エジプト西部砂漠で新たな石油発見 AI活用で成熟油田に再び注目
エジプト西部砂漠で新油田発見、AI活用がカギに
エジプト国営石油会社が西部砂漠のアブ・スナン油田で新たな石油・ガスを発見し、日量1400バレル規模の生産が見込まれています。エネルギーハブをめざす同国の戦略と、AIが資源開発にもたらす変化を整理します。
アブ・スナン油田で新井戸「GPR-1X」を確認
エジプト石油・鉱物資源省は日曜日、国営エジプト石油公社(EGPC)が西部砂漠に位置するアブ・スナン油田で新たな油田を発見したと発表しました。対象となるのは「GPR-1X」と呼ばれる新しい坑井で、同国の西部砂漠地域における最新の成果となります。
日量1400バレルと約100万立方フィートのガス
発表によると、GPR-1X井の初期試験では、バハレイヤ層から日量最大約1400バレルの原油と、約100万立方フィートの天然ガスが産出できる見通しが示されました。短期的な生産だけでなく、今回の発見によってエジプトの石油可採埋蔵量は約200万バレル分増えると見積もられています。
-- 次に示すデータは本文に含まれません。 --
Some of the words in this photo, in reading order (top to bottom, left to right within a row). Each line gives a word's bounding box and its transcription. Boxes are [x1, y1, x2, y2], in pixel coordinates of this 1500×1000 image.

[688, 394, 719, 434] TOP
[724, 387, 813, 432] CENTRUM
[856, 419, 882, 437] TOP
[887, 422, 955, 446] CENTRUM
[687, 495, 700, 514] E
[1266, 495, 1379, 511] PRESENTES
EGPCのモハメド・アブデル・マジード会長は、坑井は現在、生産施設に接続したうえで試験運転中だと説明しています。
電気検層データが示す追加ポテンシャル
マジード会長はまた、電気検層データ(井戸内部の性質を電気的に計測する手法)から、アブ・ラワッシュG層およびB層にも追加の石油資源が存在する可能性が高いと指摘しました。
同省によれば、この地域での発見は過去3か月で2件目で、ことし3月にもEGPCが同じ成熟エリアで新たな油田を確認しています。いずれの成功も、EGPCのチームが人工知能(AI)技術を活用して探査を行った結果だとしています。
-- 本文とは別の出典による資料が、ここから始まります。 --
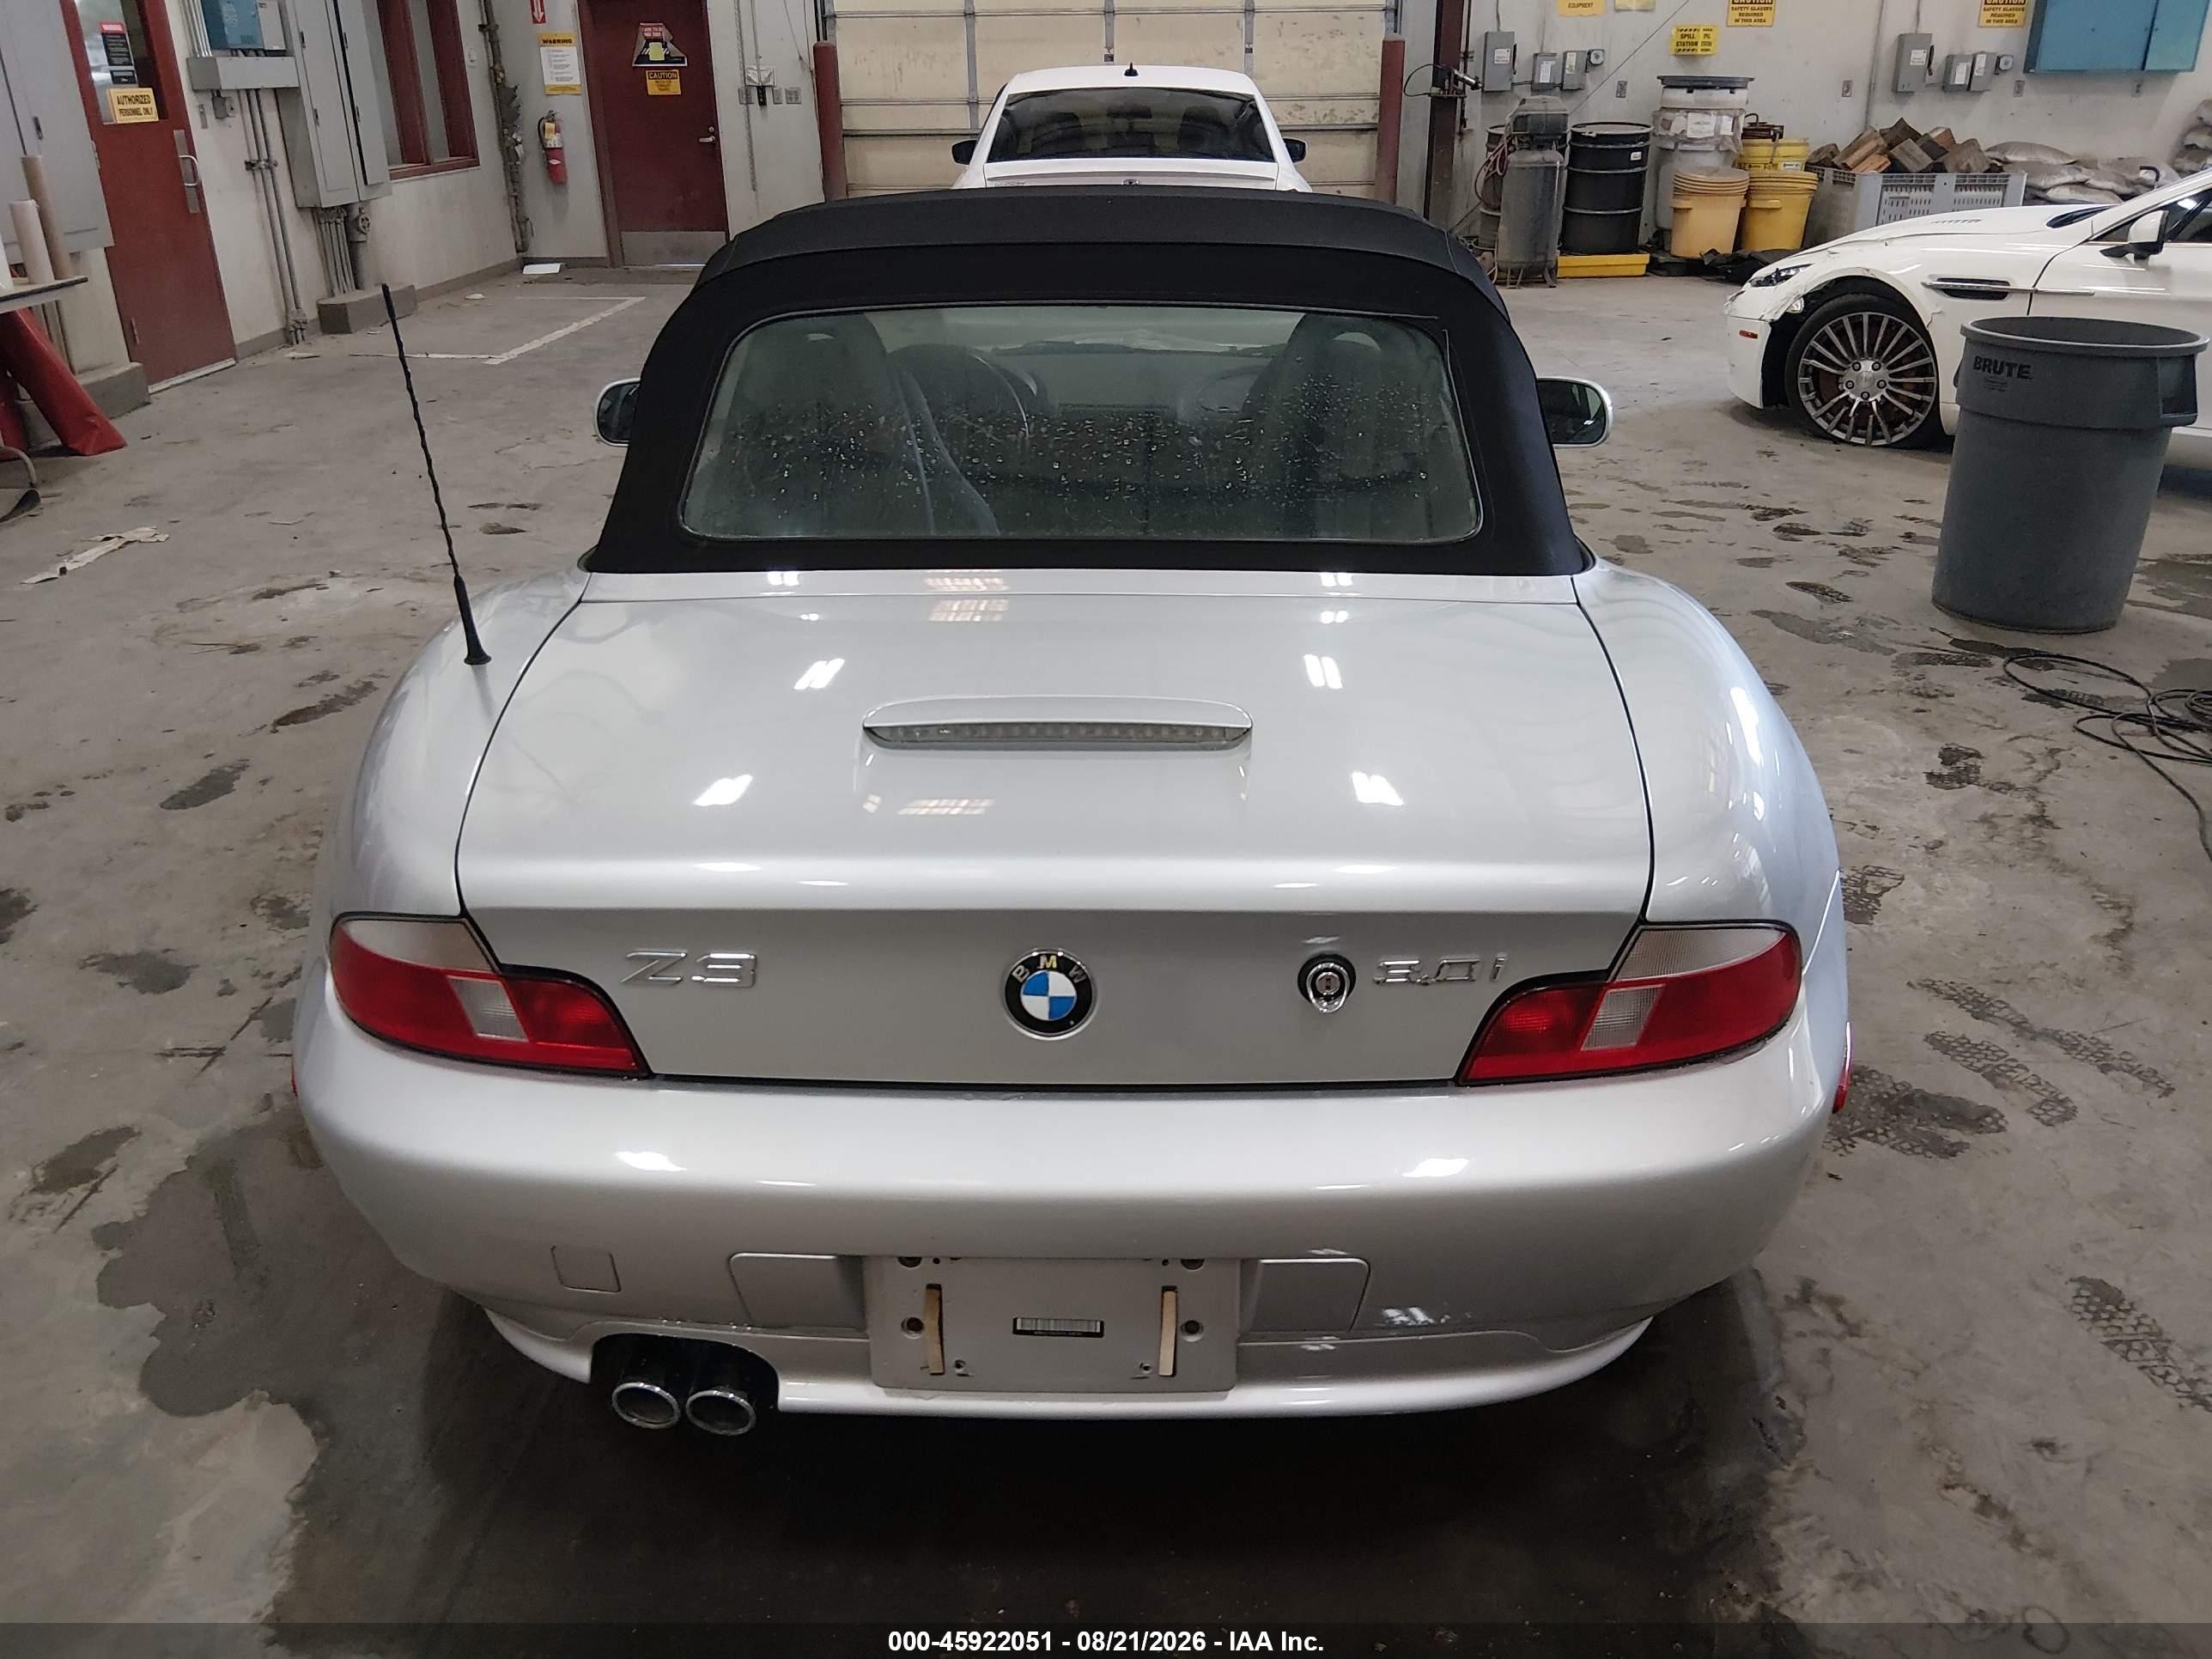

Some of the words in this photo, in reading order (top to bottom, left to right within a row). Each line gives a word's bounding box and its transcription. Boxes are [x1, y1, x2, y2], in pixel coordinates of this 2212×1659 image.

省はコメントの中で、西部砂漠は「まだすべての資源を明らかにしていない」とし、成熟油田であっても最新技術を取り入れることで、新たな探査の可能性が広がると強調しました。
AIが広げる「成熟油田」の可能性
今回のケースは、AIが資源開発の現場にも浸透しつつある流れを象徴しています。膨大な地質データや井戸の計測データをAIで解析することで、従来は見落とされていた小規模な構造や、既存油田の深部に残る資源を発見しやすくなると期待されています。
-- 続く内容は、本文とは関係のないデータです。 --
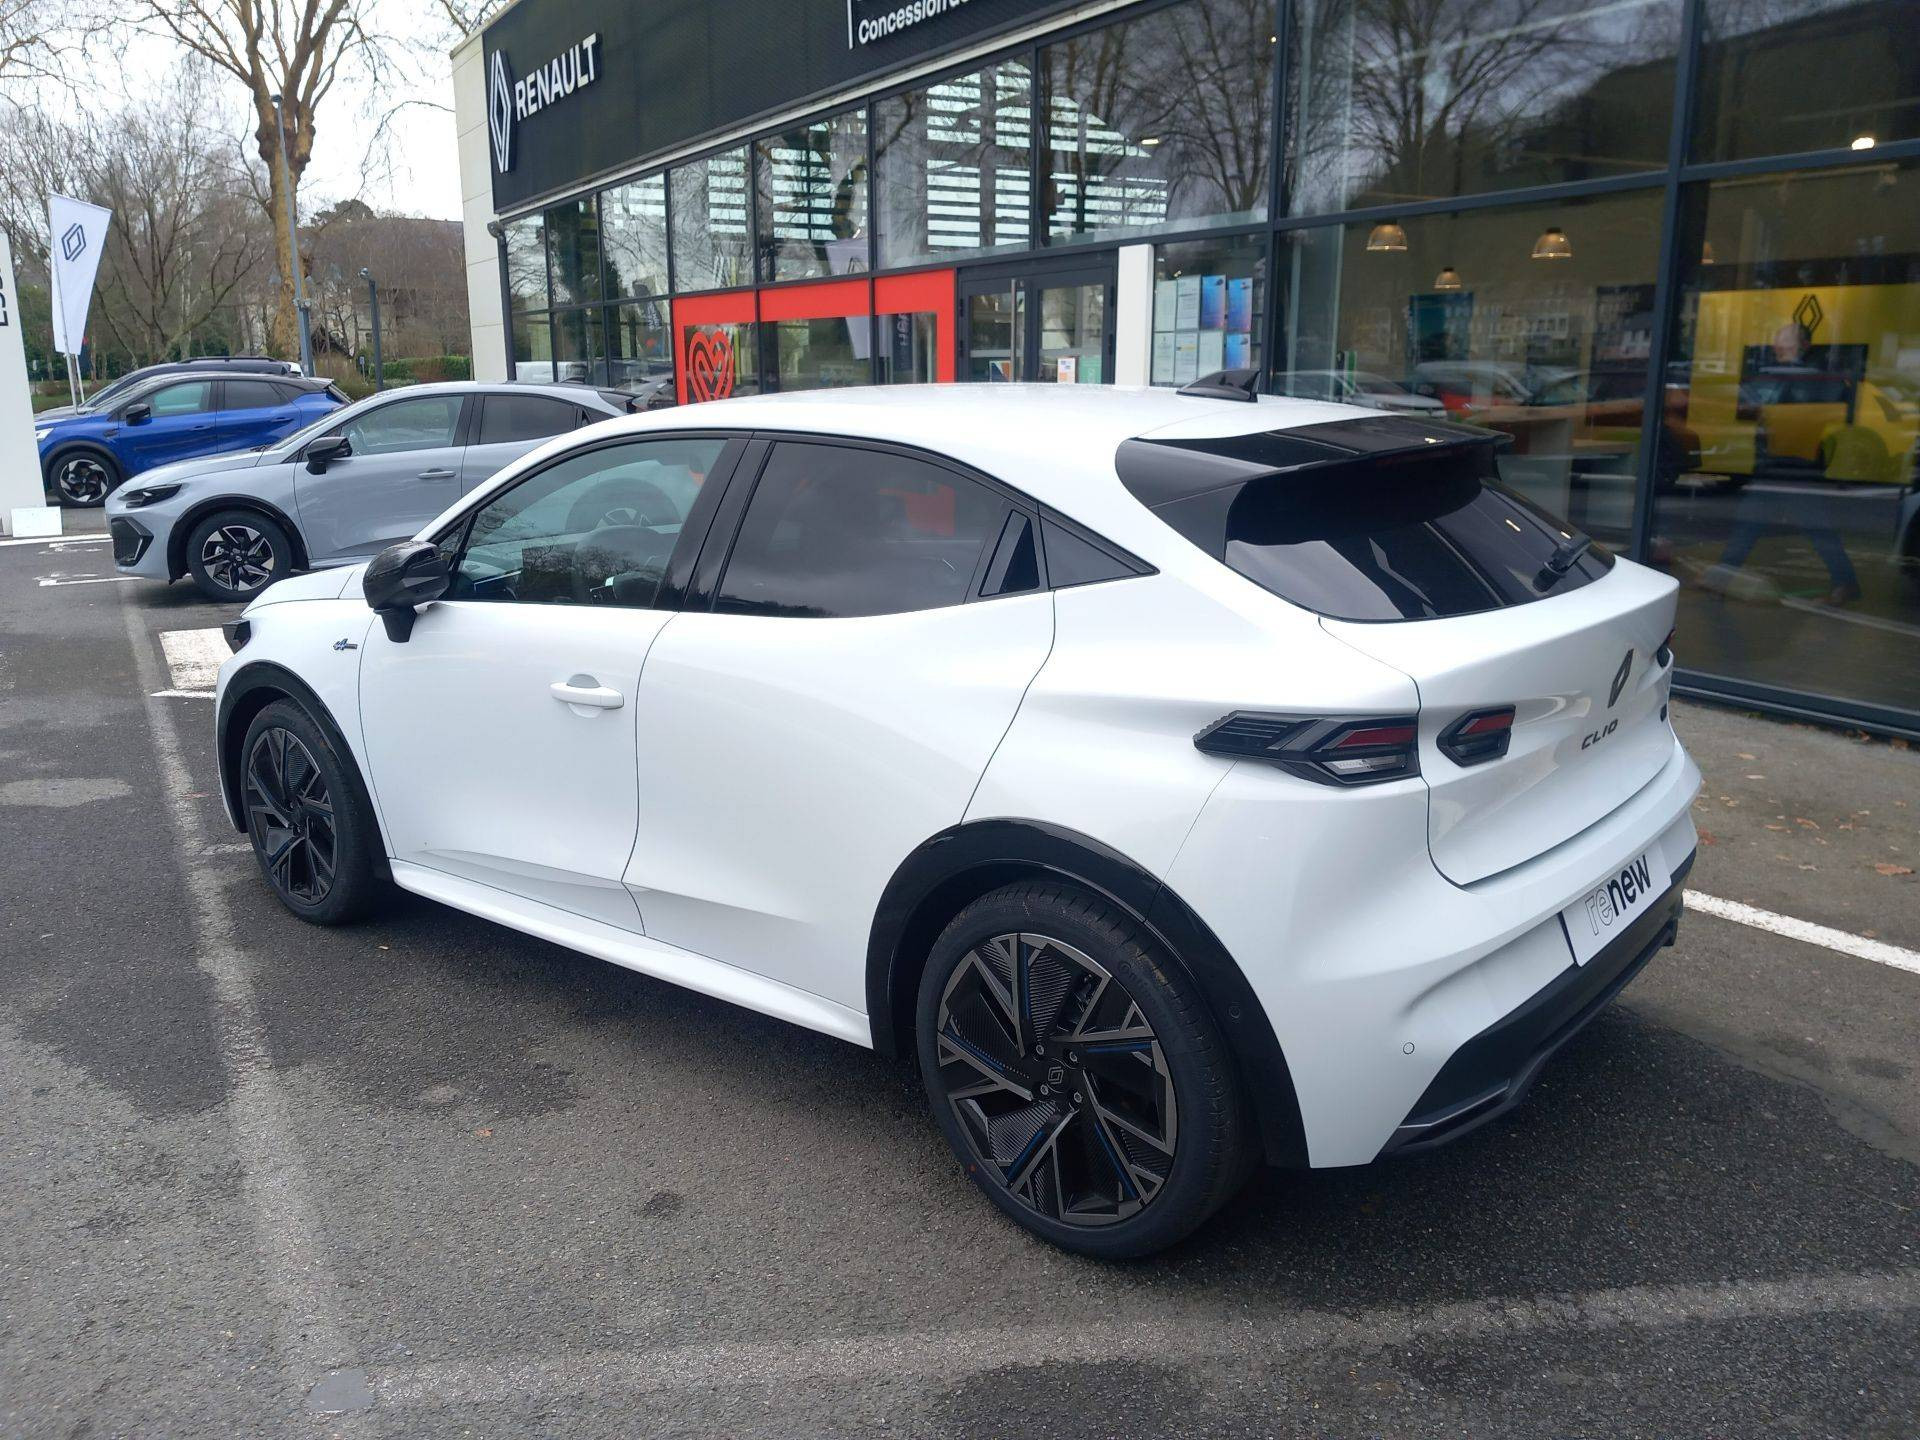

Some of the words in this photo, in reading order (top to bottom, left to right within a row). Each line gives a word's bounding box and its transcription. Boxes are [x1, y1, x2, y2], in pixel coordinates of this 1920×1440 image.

[514, 33, 597, 121] RENAULT
[1581, 718, 1619, 750] CLIO
[1584, 854, 1652, 936] renew
新規の巨大油田を見つけることが難しくなっているとされる中、すでに開発が進んだ「成熟油田」を再評価し、効率よく採掘を続けることは、多くの産油国に共通する課題です。エジプト西部砂漠での連続した発見は、その一つの具体例と言えます。
エジプトの狙い:石油・LNGの地域ハブへ
エジプト政府は、石油と液化天然ガス(LNG)の地域的な取引拠点となることを目標に掲げています。今回の発見も、そうした長期戦略の一部として位置づけられます。
同国では近年、地中海沖で発見されたゾール(Zohr)ガス田を含む大規模なガス田が相次ぎました。ゾールガス田は約30兆立方フィートのガスを有するとされ、エジプトのエネルギー地政学上の立ち位置を大きく変える存在とみなされています。
西部砂漠のような内陸油田と、地中海の海洋ガス田の両方をてこに、エジプトは中東・地中海周辺のエネルギー供給・取引の結節点としての役割を強めようとしています。
私たちが考えたい3つのポイント
今回のニュースは、日本から見ると距離のある話題のように感じられるかもしれませんが、次のような論点は私たちの議論にもつながります。
- AIが資源探査やエネルギー産業のあり方をどう変えていくのか
- 成熟油田でも新たな発見が続くとき、世界の石油・ガス供給にどんな影響が出るのか
- エネルギー安全保障と脱炭素・気候変動対策をどのように両立させるのか
エジプト西部砂漠の新発見は、技術革新が資源開発の前提条件を静かに塗り替えていること、そしてエネルギー転換期においても化石燃料がなお重要な位置を占めている現実をあらためて映し出しています。